Lopez, whose parents are naturalized citizens of Sinaloa, Mexico (she was born in Graham, Texas), says, “It’s important to remember where you came from. Without them, I wouldn’t have the opportunity to grow up here in a more privileged way and to follow my dreams. “Her dreams are to make and sell what brings joy as she works to empower women, immigrants and minorities.

Her memories revolve around rich joint dining occasions: “Everywhere we go, a whole series of families come together, eat food, make food.”

For them, a sausage board represents this social element powerfully, even if they are now consumed alone or in small groups in bubbles by friends or family members who meet outside on verandas or in backyards under light. “Everyone loves them. For some, it’s almost like self-care, ”she says. It’s an experience. “Maybe you have a glass of wine. Maybe you’ve had a long day and you take a bath and have your sausage board. Maybe you have a date with your partner. “It’s a form of self-sufficiency in these times when we long for togetherness and a sense of specialty. “You don’t have a special occasion,” she says. “You can use your board for special occasions. You do not have to wait. “

Lopez respects the power of food and its ability to unite. “As part of Mexican culture, I realized that what I love most about gatherings is how food brings people together.” She realized that she longed for it. But she also wants to give something back.

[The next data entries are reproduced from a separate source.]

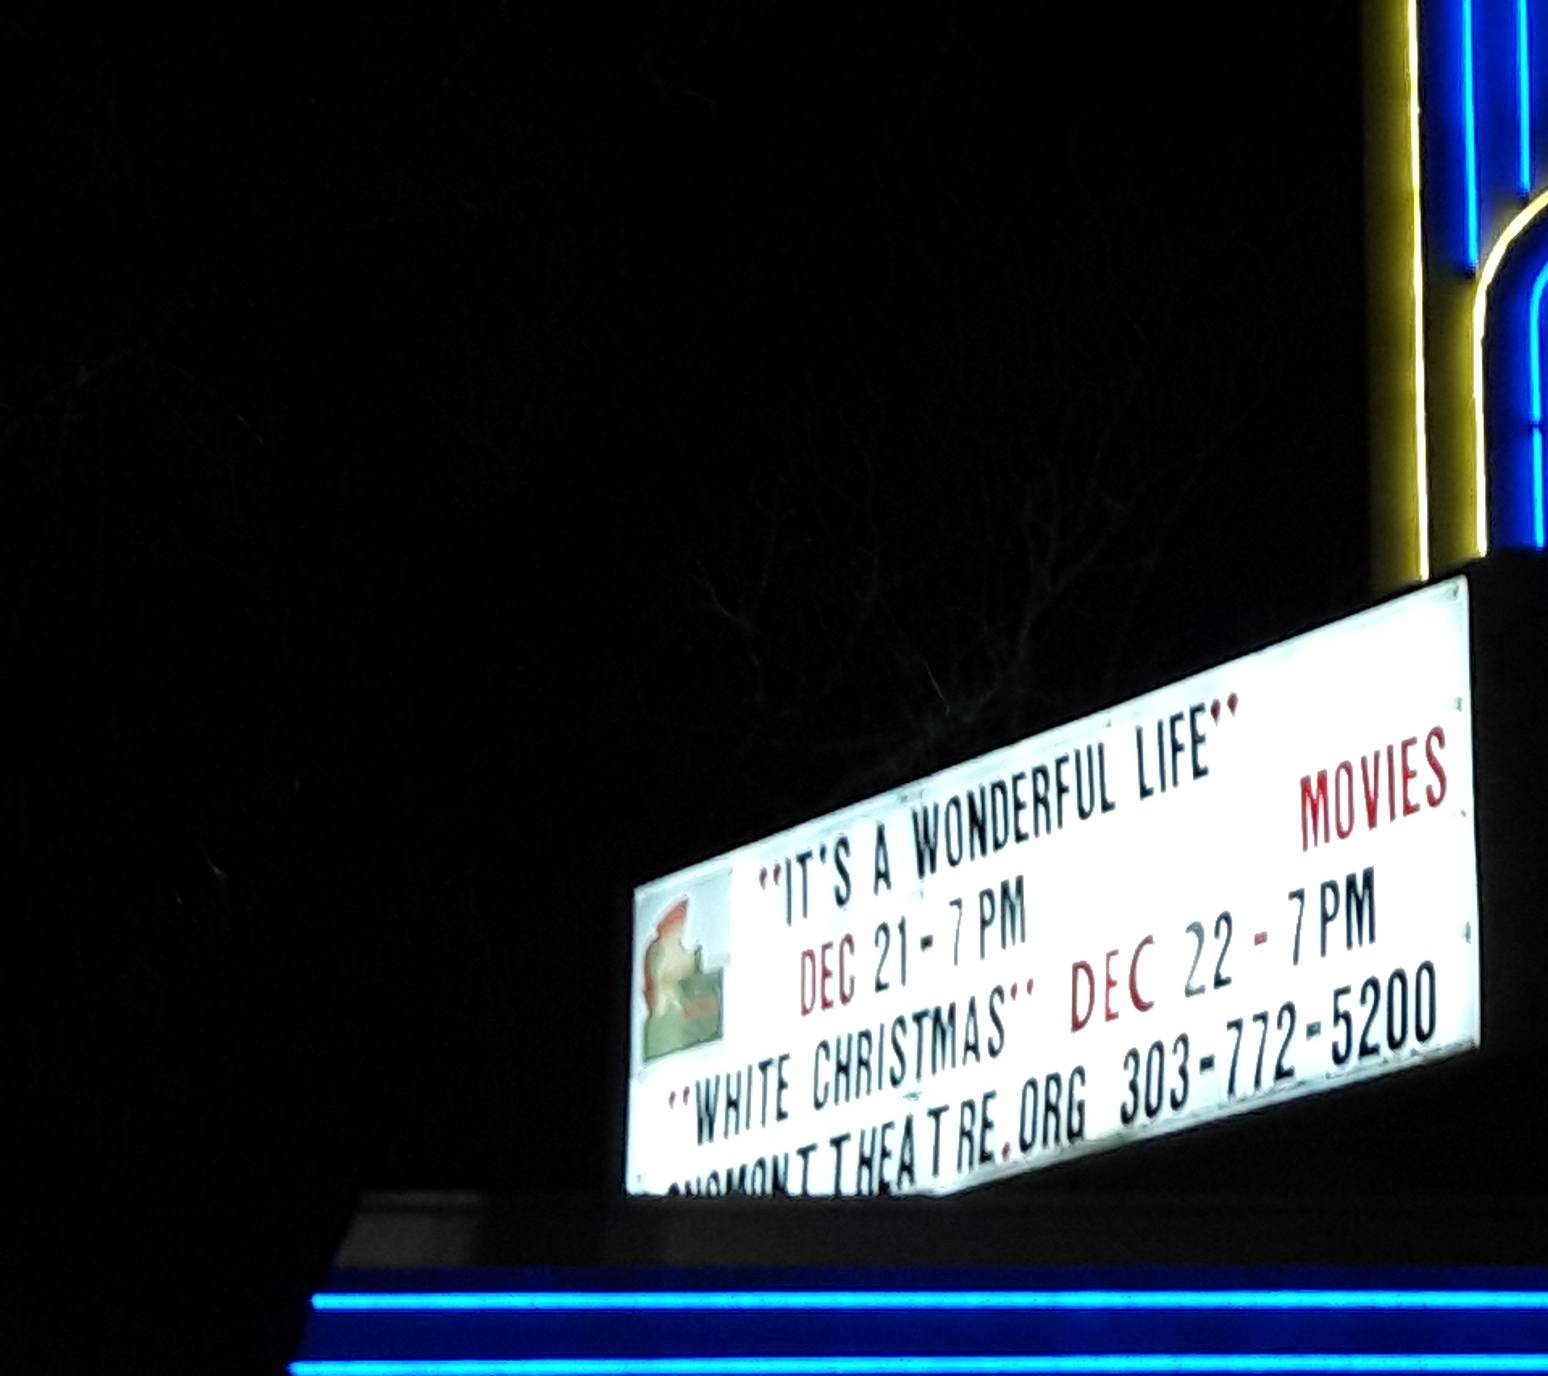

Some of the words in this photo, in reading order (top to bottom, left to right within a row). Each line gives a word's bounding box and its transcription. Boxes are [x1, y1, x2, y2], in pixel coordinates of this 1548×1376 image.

[873, 820, 892, 896] A
[910, 740, 1117, 881] WONDERFUL
[1300, 725, 1448, 852] MOVIES
[800, 932, 856, 1017] DEC
[977, 874, 1027, 961] PM
[1070, 934, 1155, 1034] DEC
[1184, 910, 1234, 999] 22
[1319, 865, 1377, 959] PM
[1119, 959, 1438, 1132] 303-772-5200

As a full-time student, Lopez is studying Spanish hoping to graduate in speech therapy, especially with immigrant children. She believes in the matter. “I took ESL courses,” she says. “I remember getting very frustrated not being able to communicate. I want to help people the way I was helped. “

Ideally, she envisions giving discounts to charities and small businesses in the future, knowing that her merchandise can draw crowds for an opening or event.

“As a minority woman” she would like to highlight and support other women who face similar obstacles. For example, check out their future female Instagram acquisitions where they can use their skills for a stronger, more sustainable community. “Women are better together!” says Lopez.

In the end: “Be true to yourself,” she says. And trust that you will end up “exactly where you need to be”.